Below is a block of entries; repeat all of it exactly but omit the pictures.
START Records for this task
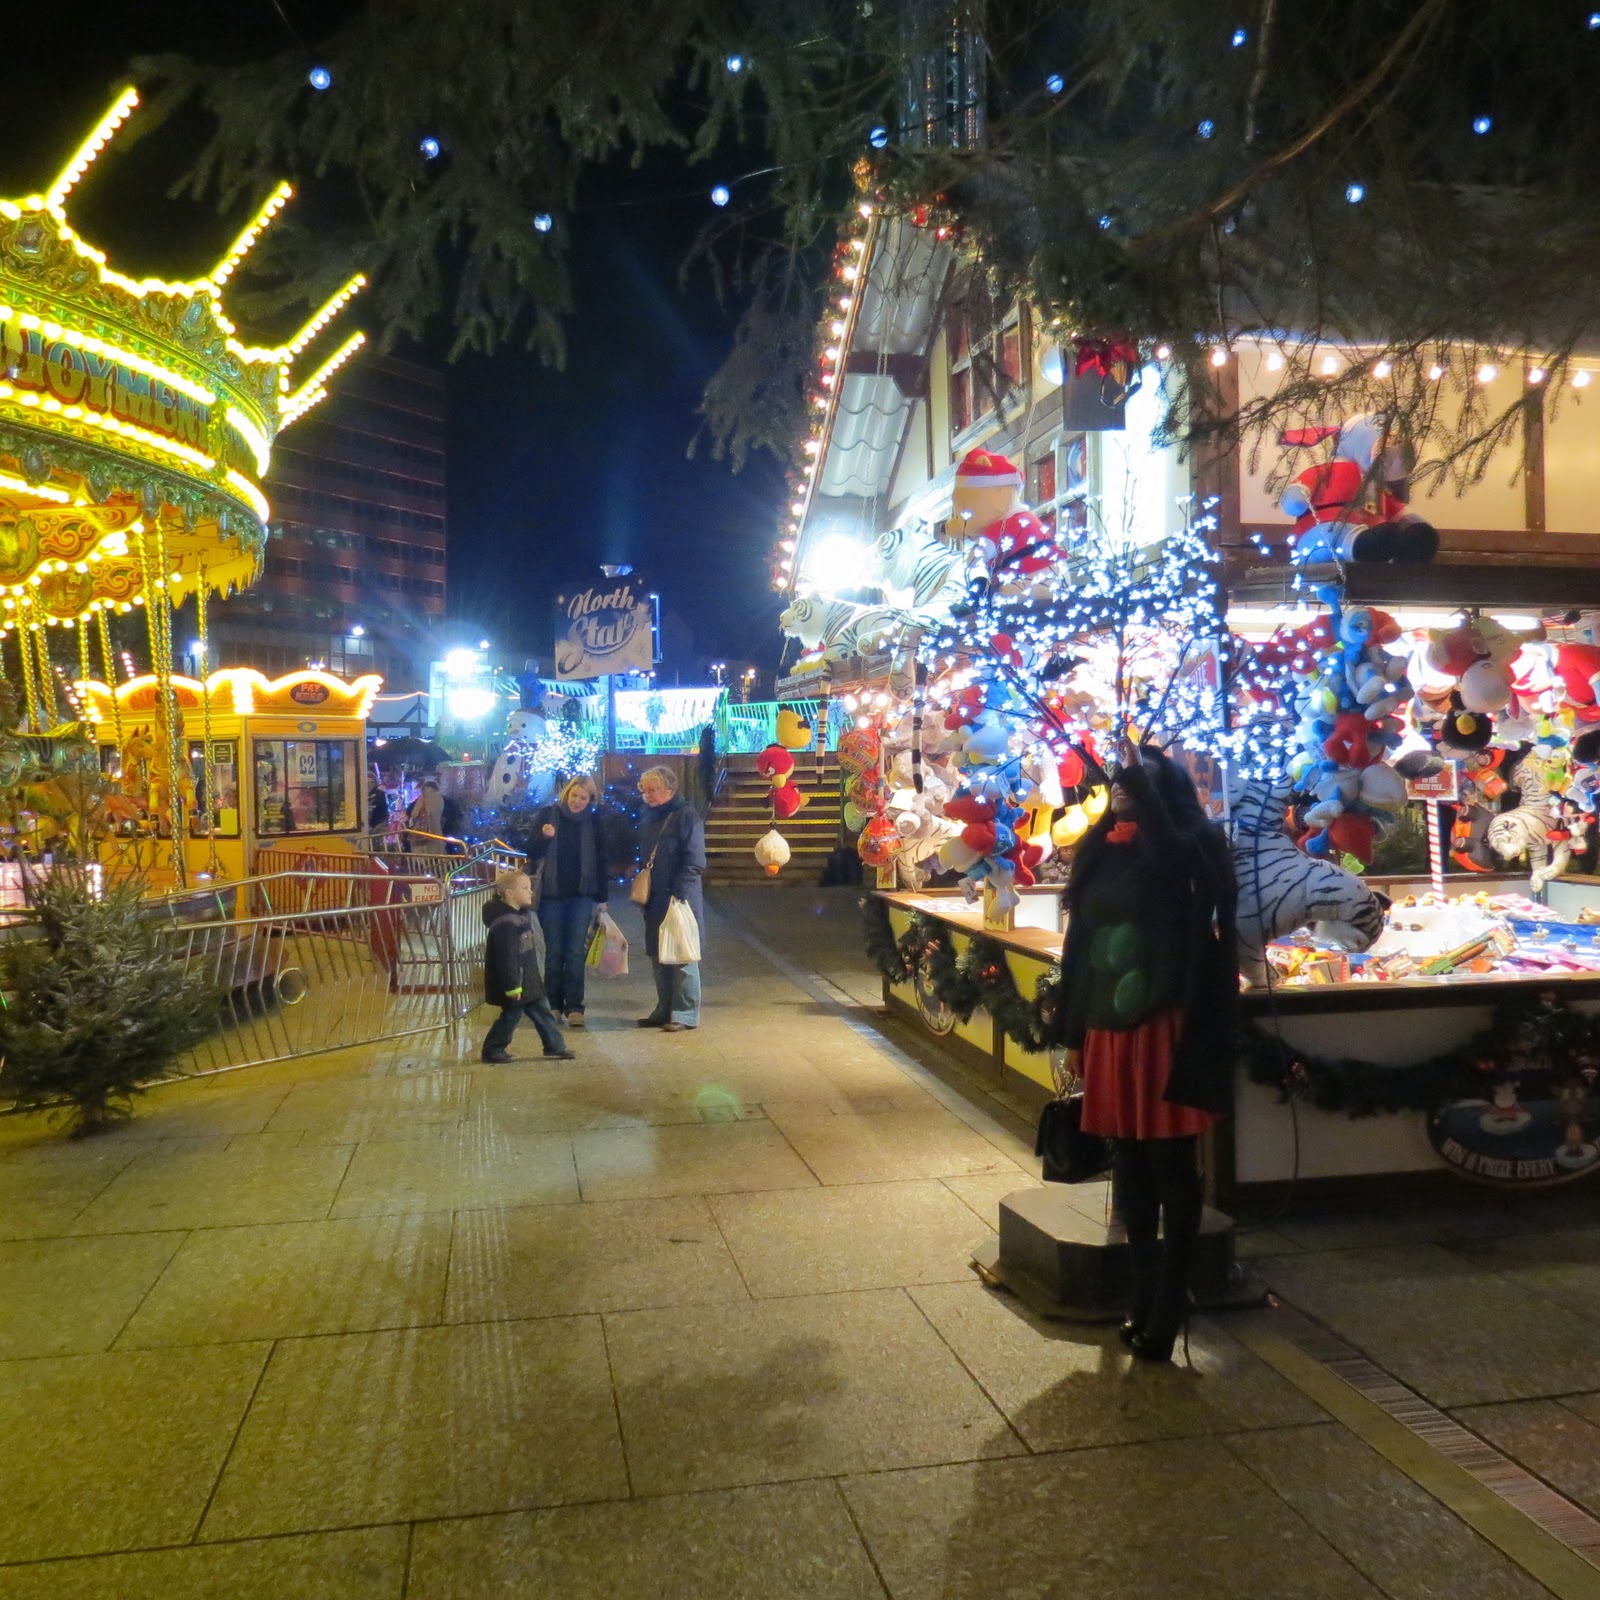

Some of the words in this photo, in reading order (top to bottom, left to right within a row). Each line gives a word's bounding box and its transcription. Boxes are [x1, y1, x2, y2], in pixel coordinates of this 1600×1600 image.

[0, 322, 212, 453] JOYMENT
[567, 586, 636, 619] North
[559, 612, 635, 671] Star
[300, 683, 321, 692] PAY
[299, 755, 315, 775] £2
[424, 885, 439, 893] NO
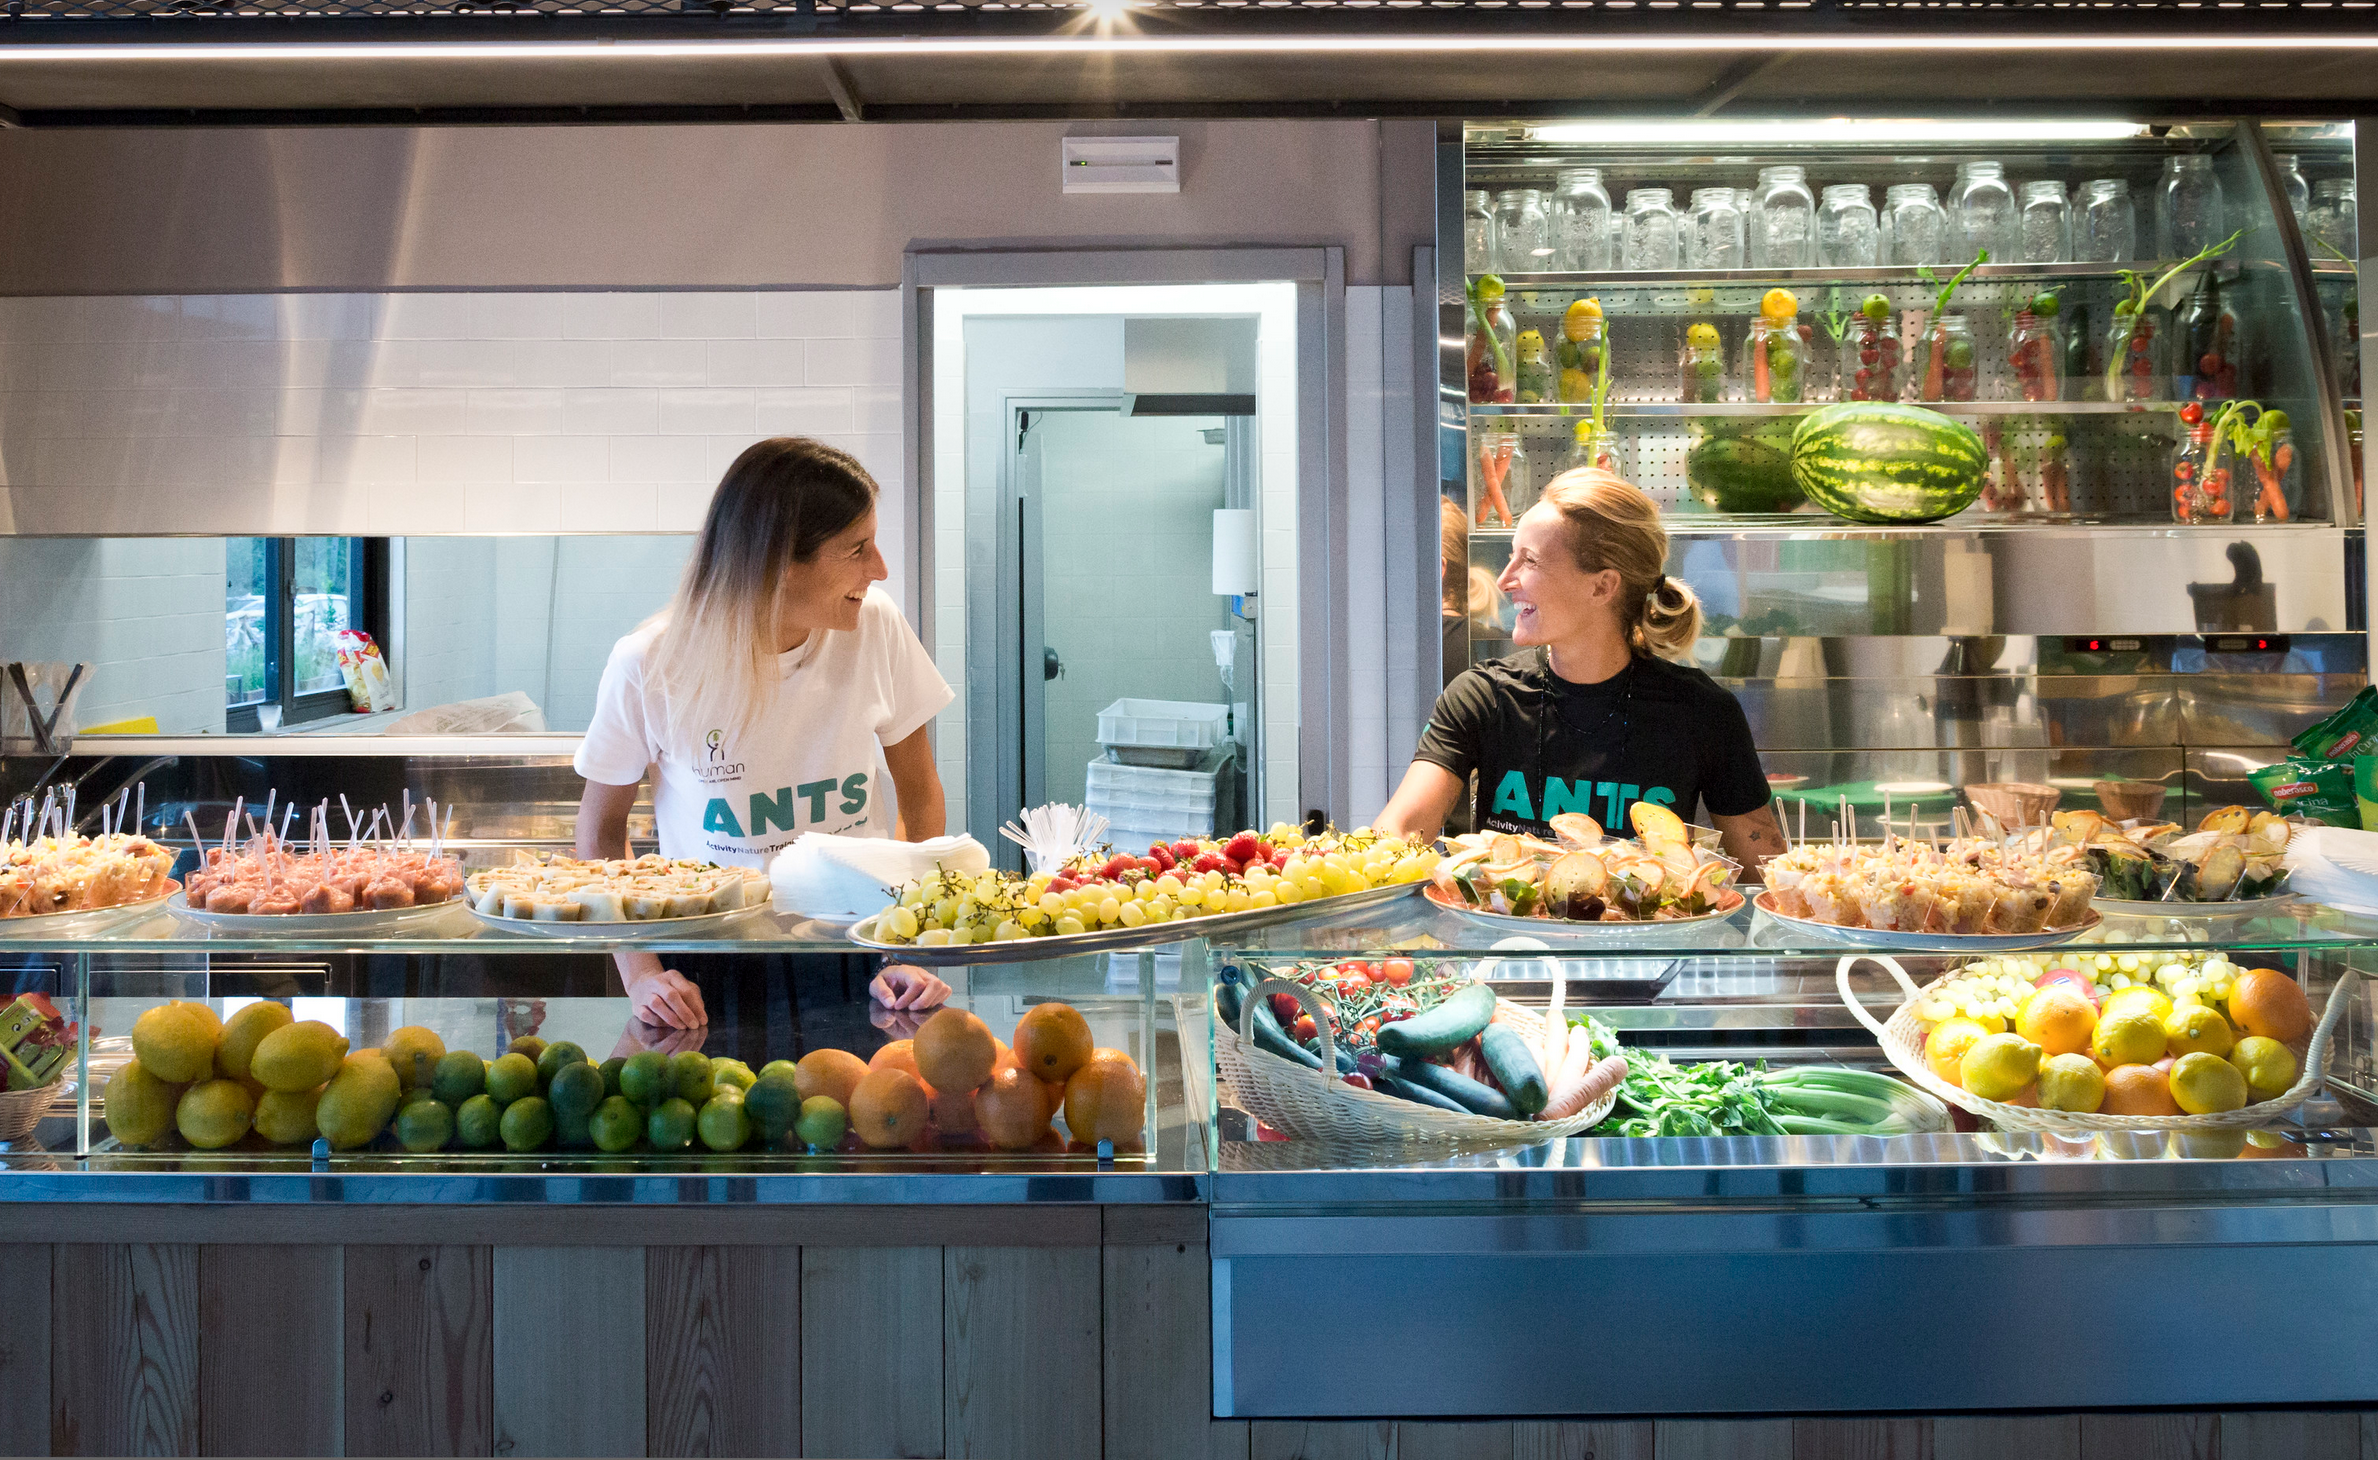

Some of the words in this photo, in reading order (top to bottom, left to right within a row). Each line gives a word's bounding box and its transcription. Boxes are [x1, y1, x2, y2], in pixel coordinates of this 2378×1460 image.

[2328, 734, 2358, 758] noberasco
[692, 763, 745, 777] human
[2274, 786, 2314, 797] noberasco
[703, 773, 868, 838] ANTS
END Records for this task
Finished exercise —
Some of the words in this photo, in reading order (top to bottom, left to right within a row). Each line gives a word's bounding box and its transcription. Boxes are [x1, y1, x2, y2], in pixel coordinates of this 1600×1600 image.

[0, 322, 212, 453] JOYMENT
[567, 586, 636, 619] North
[559, 612, 635, 671] Star
[300, 683, 321, 692] PAY
[299, 755, 315, 775] £2
[424, 885, 439, 893] NO

Some of the words in this photo, in reading order (top to bottom, left to right within a row). Each line gives a word's bounding box and its transcription. Boxes are [x1, y1, x2, y2], in pixel coordinates of this 2378×1460 image.

[2328, 734, 2358, 758] noberasco
[692, 763, 745, 777] human
[2274, 786, 2314, 797] noberasco
[703, 773, 868, 838] ANTS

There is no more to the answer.